Using Lambs To Weigh-In On Obesity

(Ivanhoe Newswire)– The results of a new study on obesity in sheep and lambs may lend a hand in understanding obesity in humans. The new study is the first to show a definite link between obesity in a mother and obesity in her child in mammals that bear “mature offspring.” Since humans also bear mature offspring, the results of this study are the first that can possibly be applied to humans.

While the relationship between maternal obesity and offspring obesity has been proven in rats, rats do not bear mature offspring– their young are born immature, and therefore a link between maternal and offspring obesity in rats cannot be applied to humans.

However, in the new study, by researchers at the Center for Pregnancy and Newborn Research, University of Texas and the University of Wyoming, lambs were used for the research. Scientists regulated the diets of sheep for 60 days before conception and throughout their pregnancy: Half the ewes were fed a normal diet, and half received a diet to produce obesity. After giving birth, the scientists monitored the appetite and weight gain of their offspring, observation which continued for 19 months.

One area in which the newborn lambs were monitored was hormone levels. Researchers took blood samples from the lambs and tested leptin levels. Leptin is a hormone that regulates appetite and is produced by fat cells. In lambs born to obese mothers, scientists saw no peak in leptin levels, but in lambs born to mothers with normal body weight, leptin levels peaked six to nine days after birth.

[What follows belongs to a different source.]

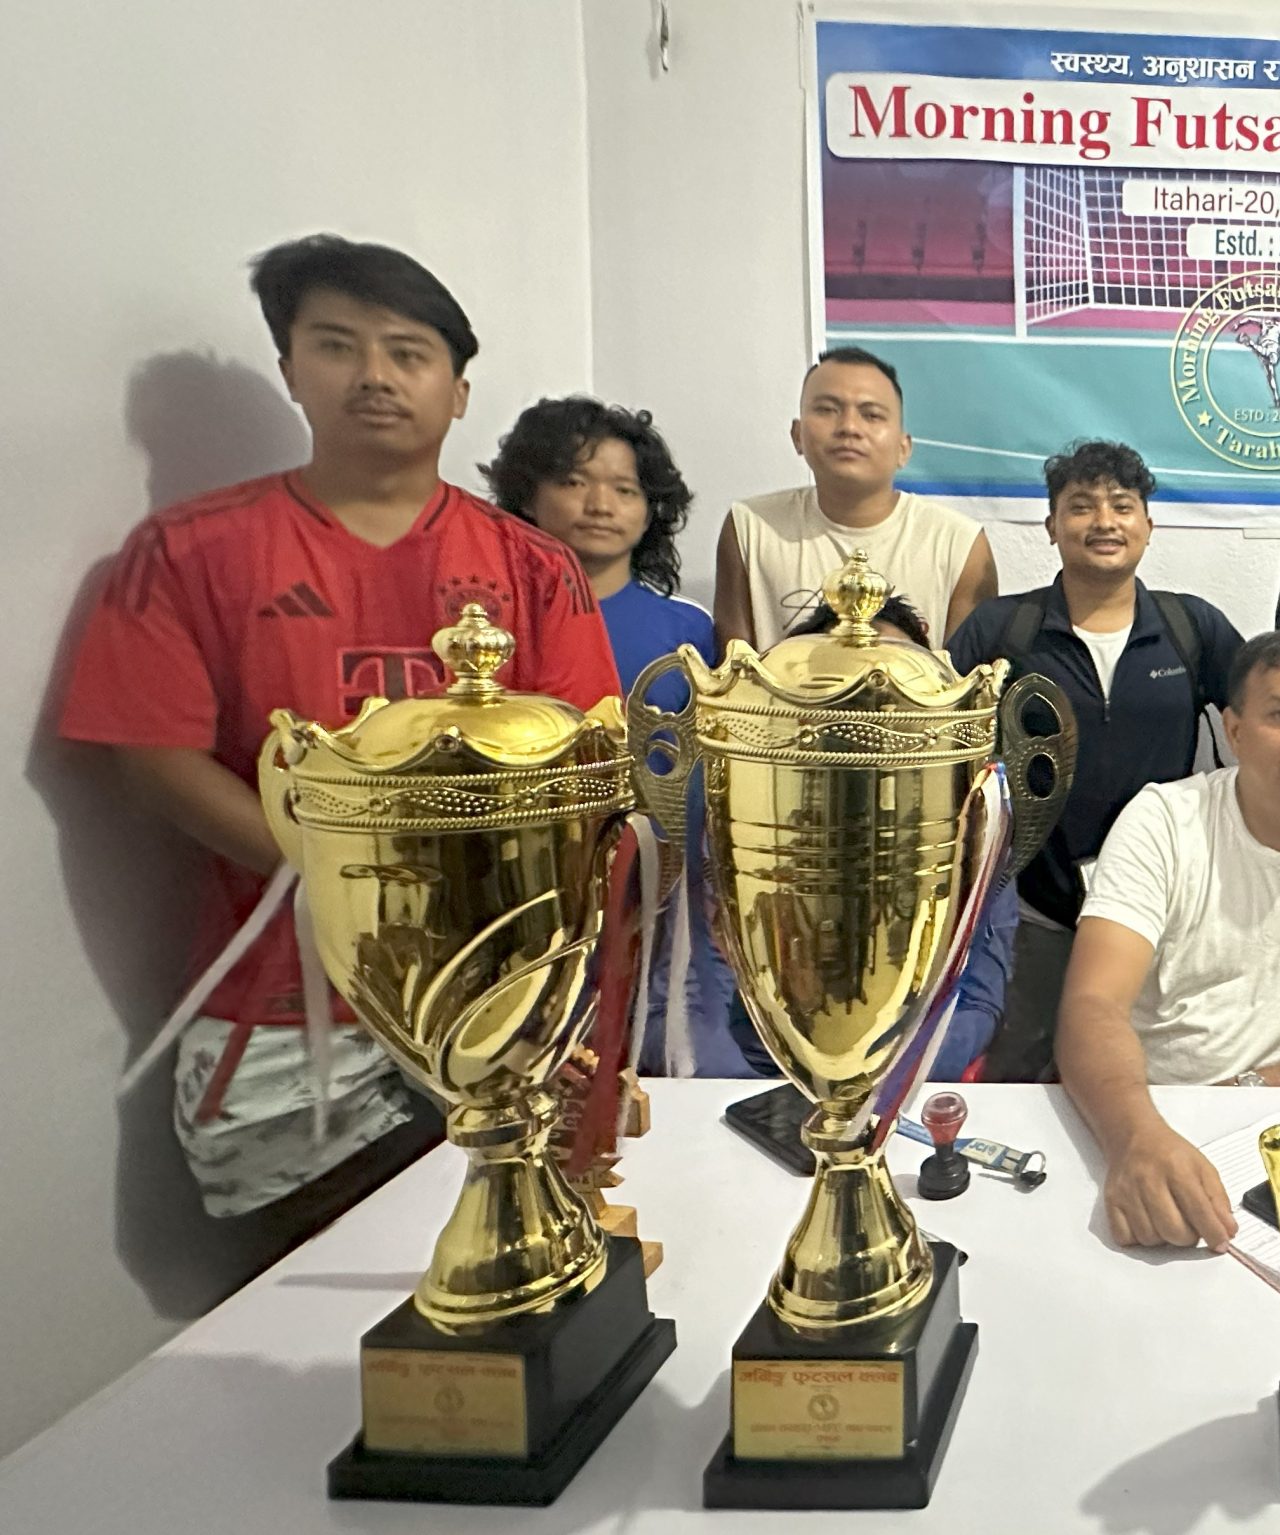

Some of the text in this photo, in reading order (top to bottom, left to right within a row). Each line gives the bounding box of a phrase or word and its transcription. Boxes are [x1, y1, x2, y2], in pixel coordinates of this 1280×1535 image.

After analyzing blood samples from one-day-old lambs, scientists observed higher cortisol levels in obese sheep. The scientists now suspect exposure to high levels of cortisol in the womb may be the reason leptin levels did not peak in lambs of obese mothers.

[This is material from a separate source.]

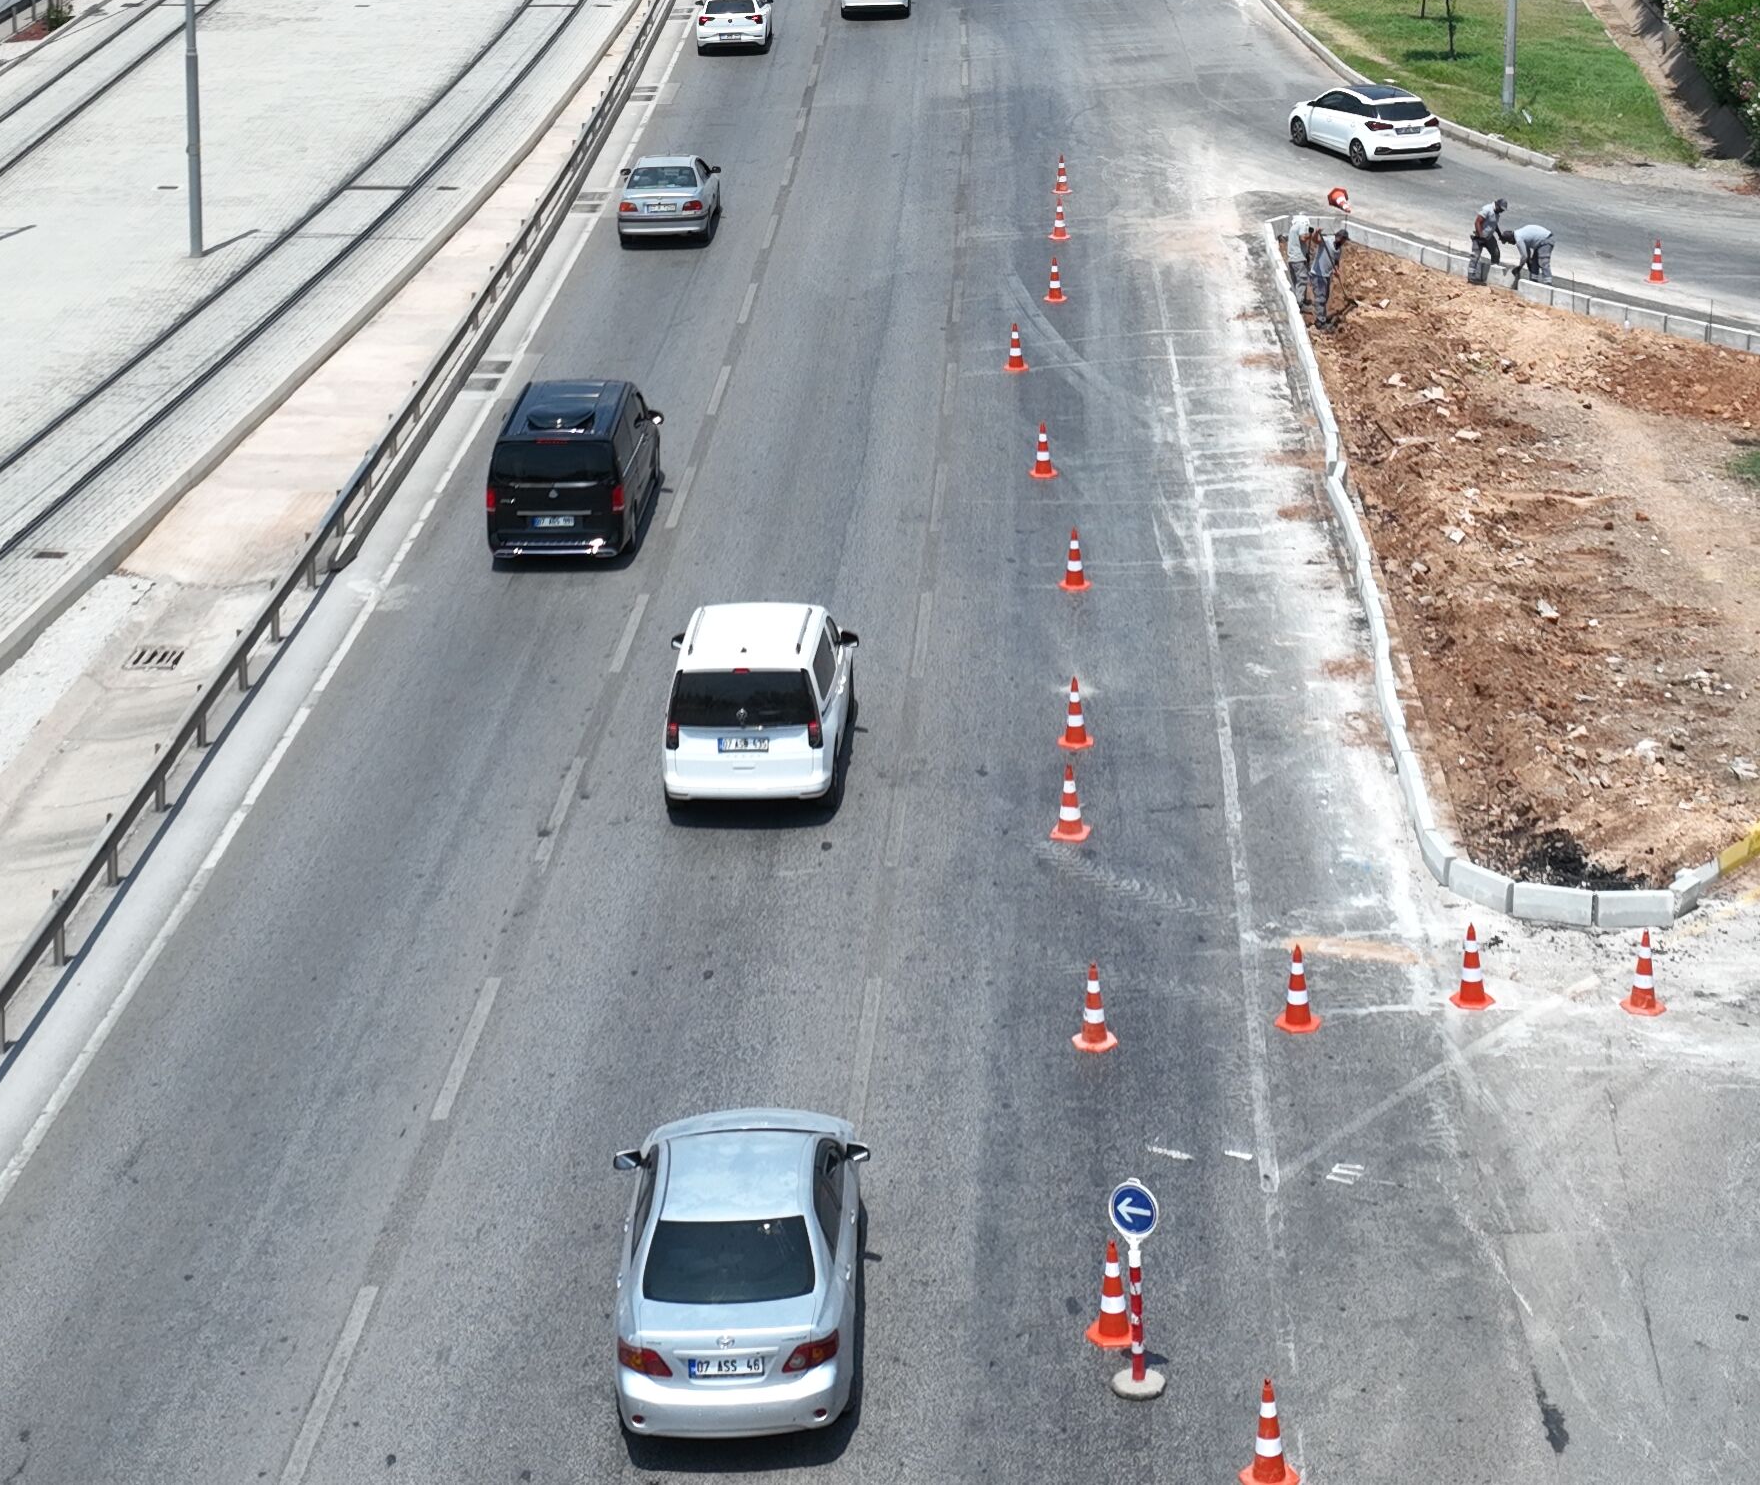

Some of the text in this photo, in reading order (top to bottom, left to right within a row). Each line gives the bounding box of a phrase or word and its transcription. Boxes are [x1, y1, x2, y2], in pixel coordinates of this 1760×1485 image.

Professor Peter Nathanielsz, lead author of the research, was quoted as saying, “Given the epidemic of obesity both in the developed and developing world, the search for environmental factors occurring around the time of birth which predispose the offspring of overweight mothers to lifelong obesity is important”¦ Seeing these hormonal changes in lambs”¦is advancing our understanding of what programs appetite. We are getting closer to understanding what causes obesity in humans.”